> **Data entries**:
==*==

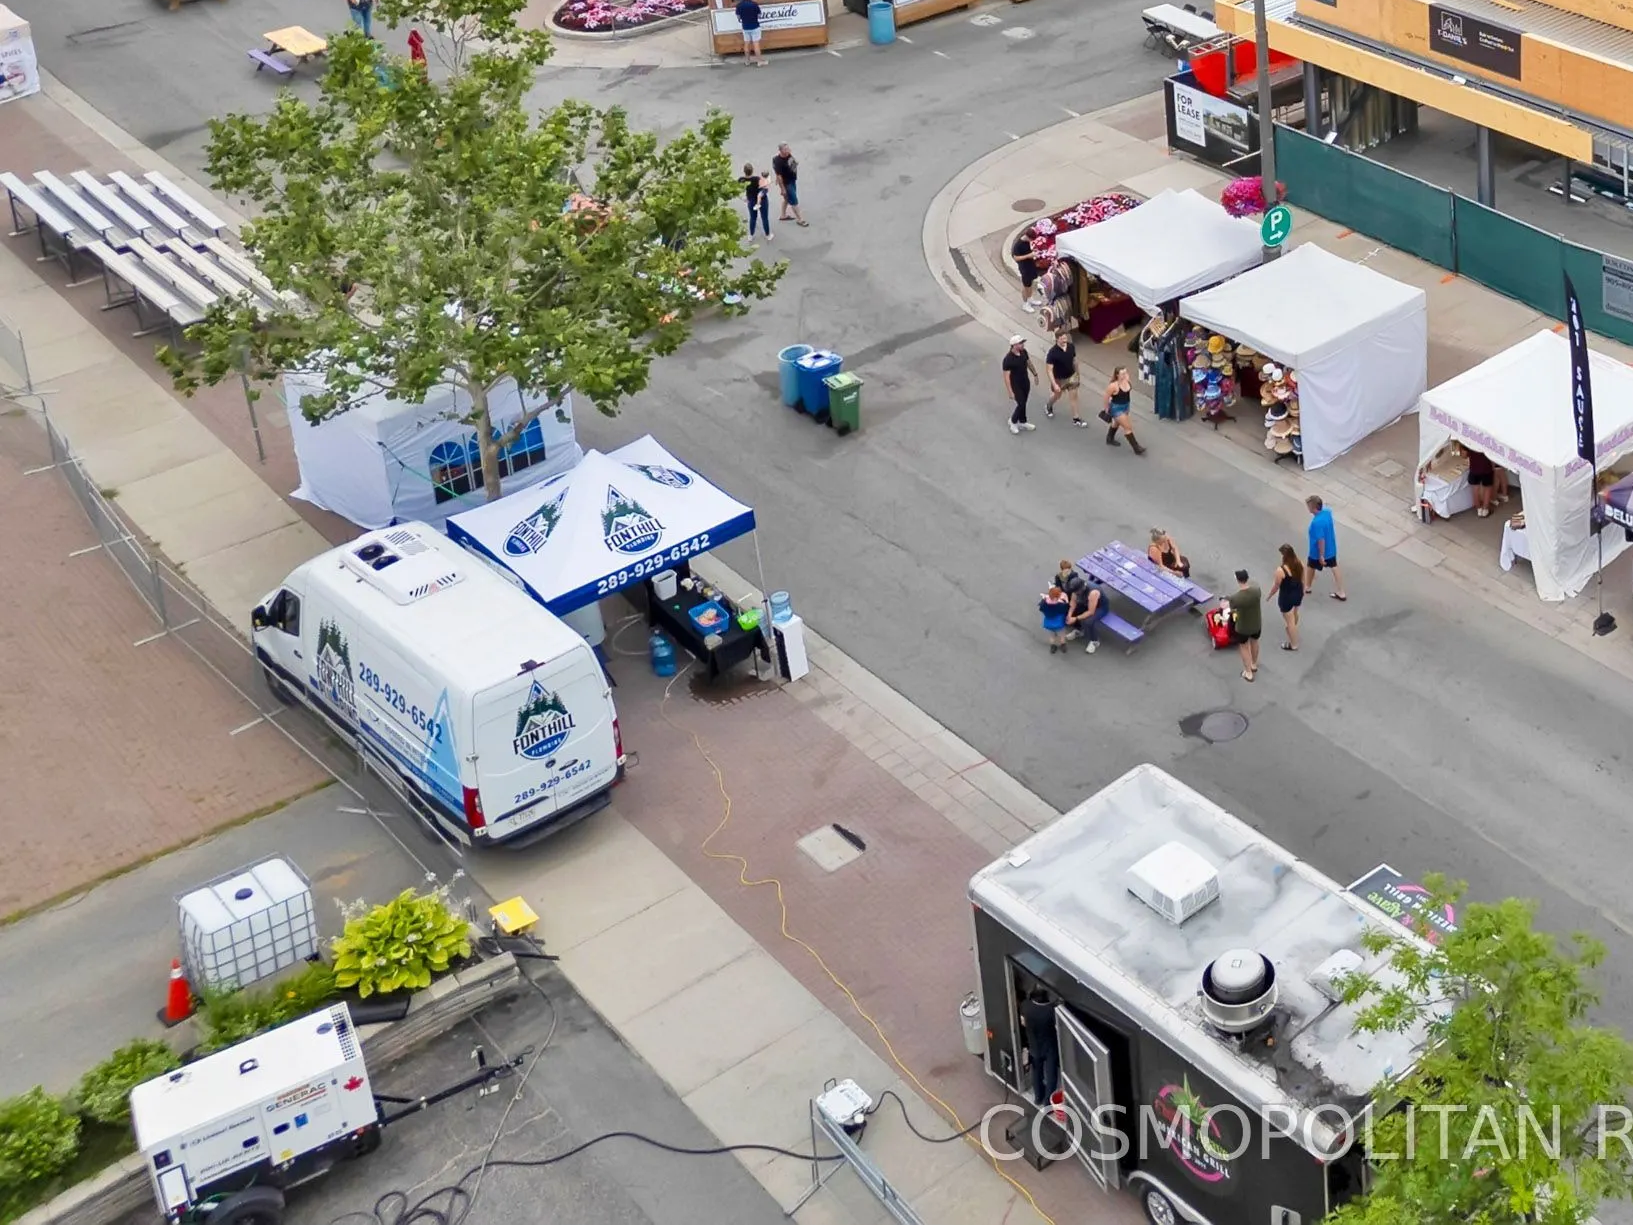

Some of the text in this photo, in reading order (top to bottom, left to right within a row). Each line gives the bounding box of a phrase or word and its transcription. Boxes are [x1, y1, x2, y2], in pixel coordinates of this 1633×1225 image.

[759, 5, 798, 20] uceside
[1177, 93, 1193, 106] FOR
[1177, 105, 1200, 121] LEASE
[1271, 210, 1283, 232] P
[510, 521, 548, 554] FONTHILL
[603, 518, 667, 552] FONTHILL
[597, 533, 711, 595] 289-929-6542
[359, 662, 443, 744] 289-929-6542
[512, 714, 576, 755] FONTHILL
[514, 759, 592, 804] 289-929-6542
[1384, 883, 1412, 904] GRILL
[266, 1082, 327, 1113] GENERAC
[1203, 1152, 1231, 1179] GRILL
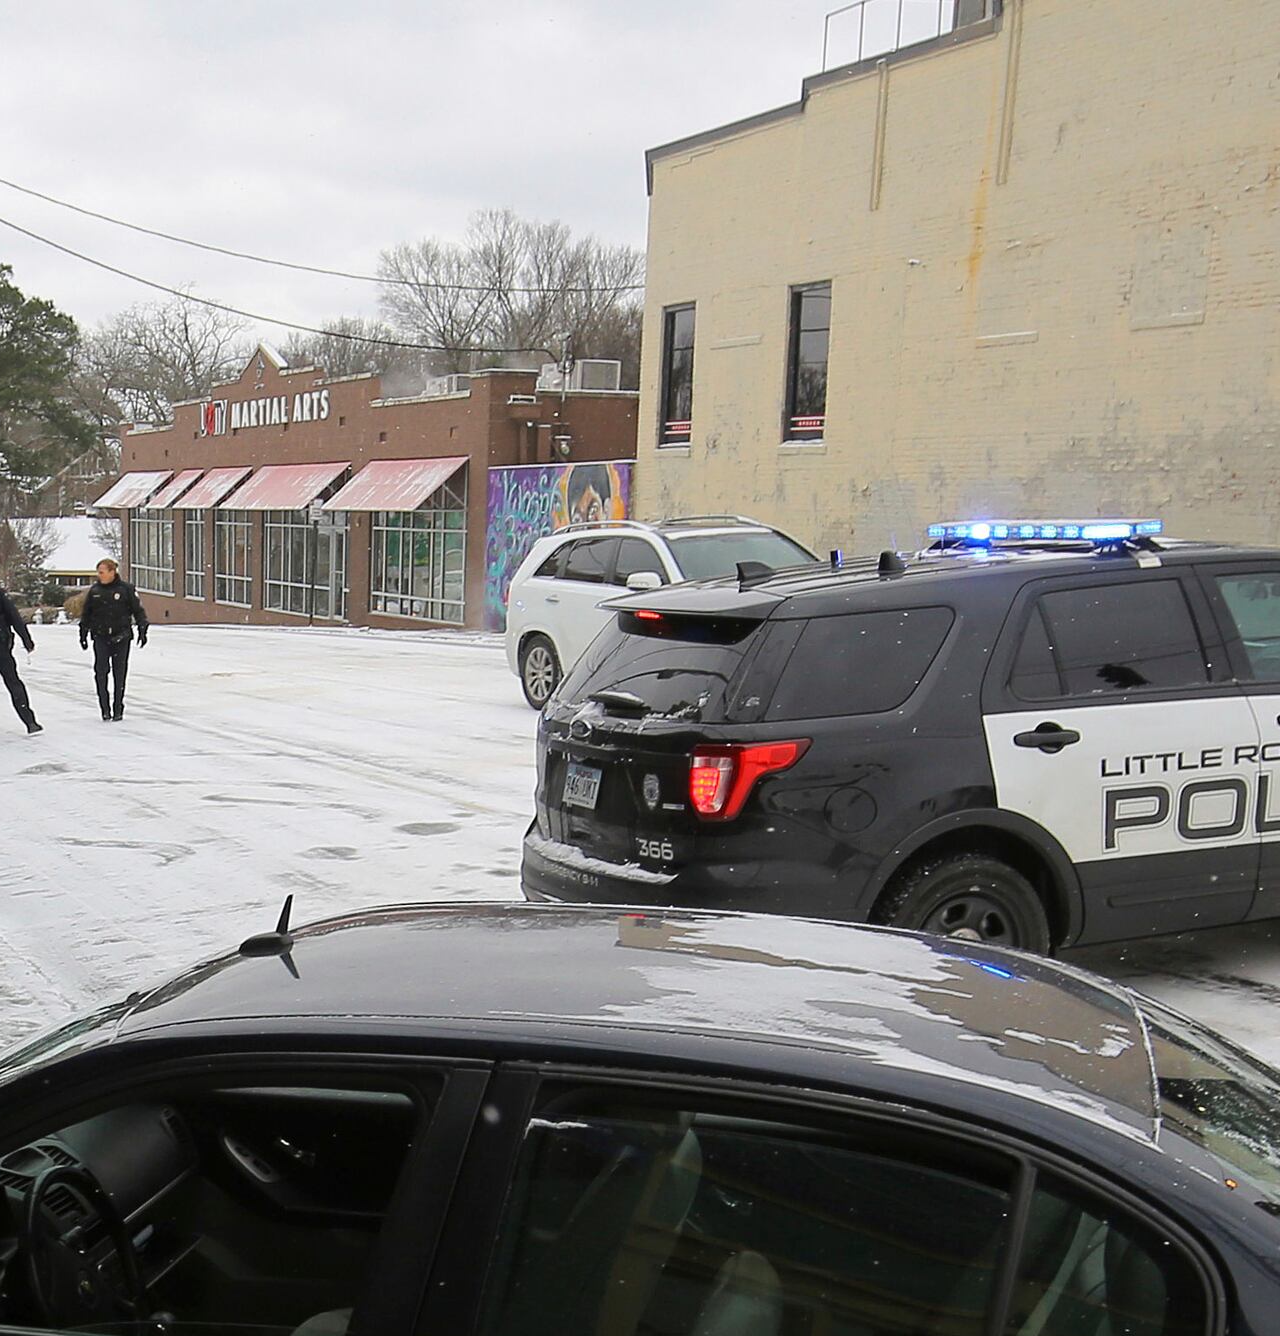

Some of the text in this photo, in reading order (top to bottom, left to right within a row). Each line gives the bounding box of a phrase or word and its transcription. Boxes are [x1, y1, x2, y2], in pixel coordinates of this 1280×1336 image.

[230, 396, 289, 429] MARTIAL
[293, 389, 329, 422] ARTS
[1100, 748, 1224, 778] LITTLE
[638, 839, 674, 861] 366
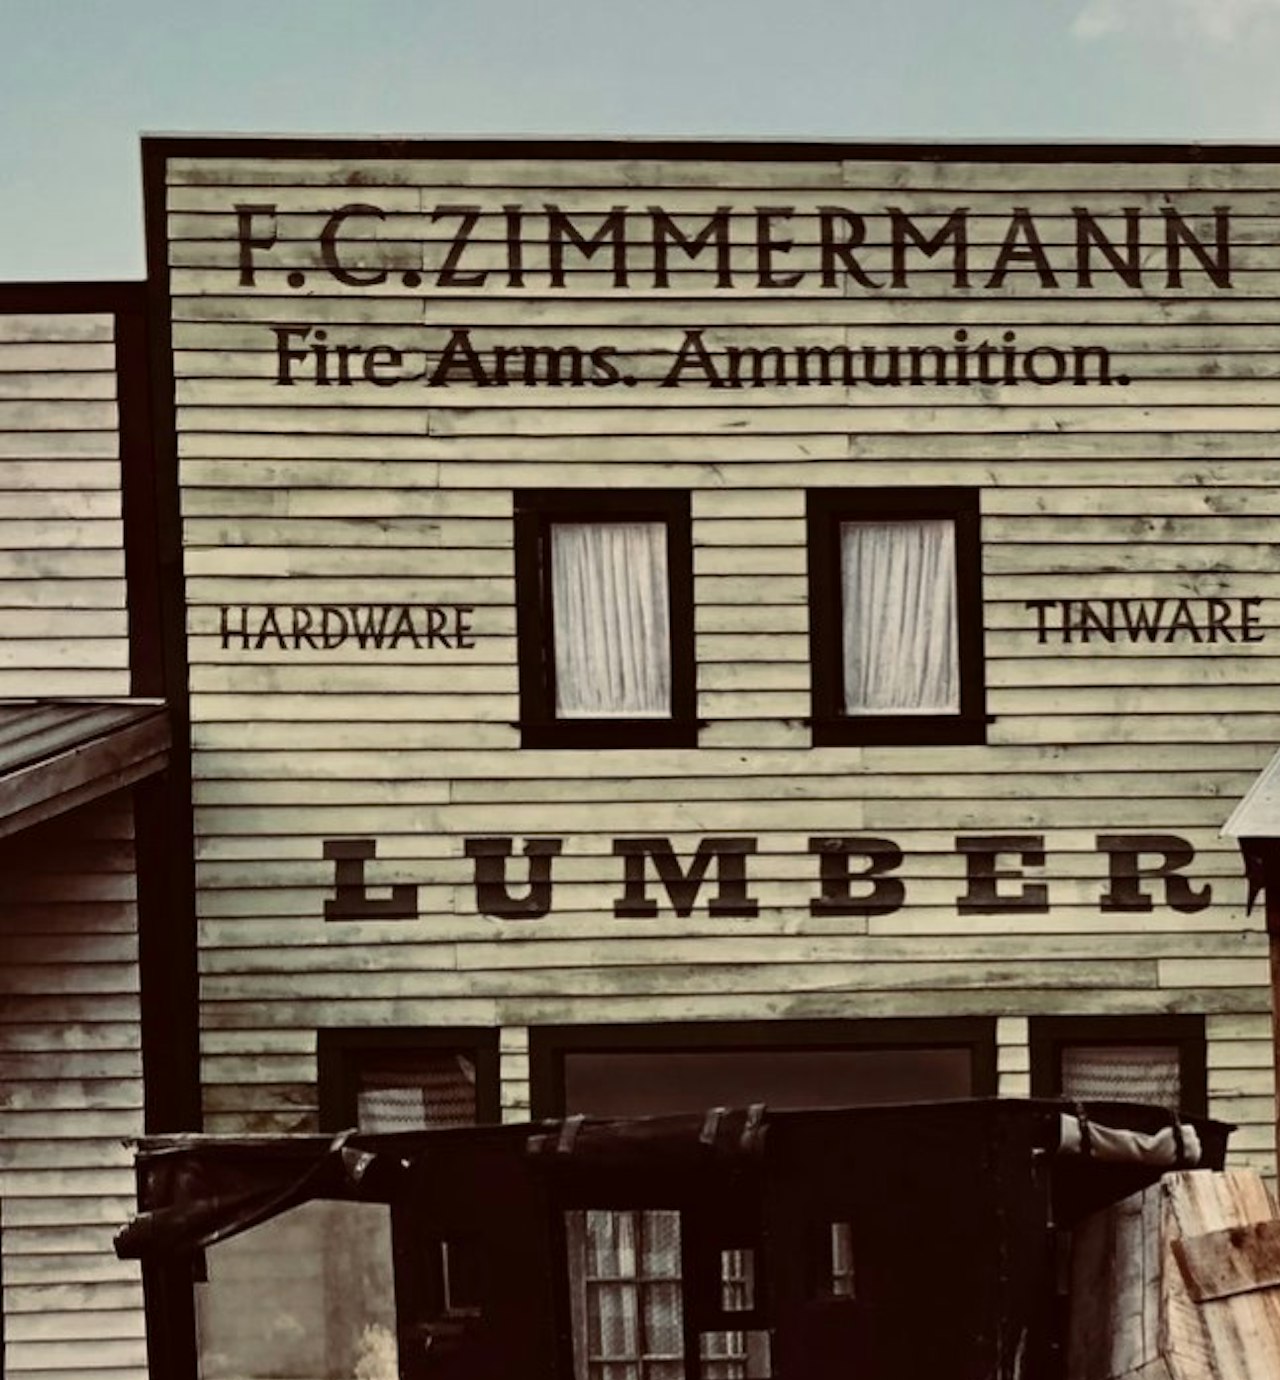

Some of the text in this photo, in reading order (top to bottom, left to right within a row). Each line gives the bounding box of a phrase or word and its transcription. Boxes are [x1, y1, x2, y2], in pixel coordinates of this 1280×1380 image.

==*==

> **Exercise requirements**: Find the line that contains "this 1280×1336 image.", then write out that line and every line after it through the end of the records, exactly. Leave the pictures out.

> **Result for this exercise**:
Some of the text in this photo, in reading order (top to bottom, left to right within a row). Each line gives the bounding box of a phrase or word and its transcription. Boxes are [x1, y1, x2, y2], in pixel coordinates of this 1280×1336 image.

[230, 396, 289, 429] MARTIAL
[293, 389, 329, 422] ARTS
[1100, 748, 1224, 778] LITTLE
[638, 839, 674, 861] 366

Some of the text in this photo, in reading order (top to bottom, left to right within a row). Each line gives the bounding box of a phrase or word and its transcription. Boxes are [x1, y1, x2, y2], in pixel coordinates of this 1280×1380 image.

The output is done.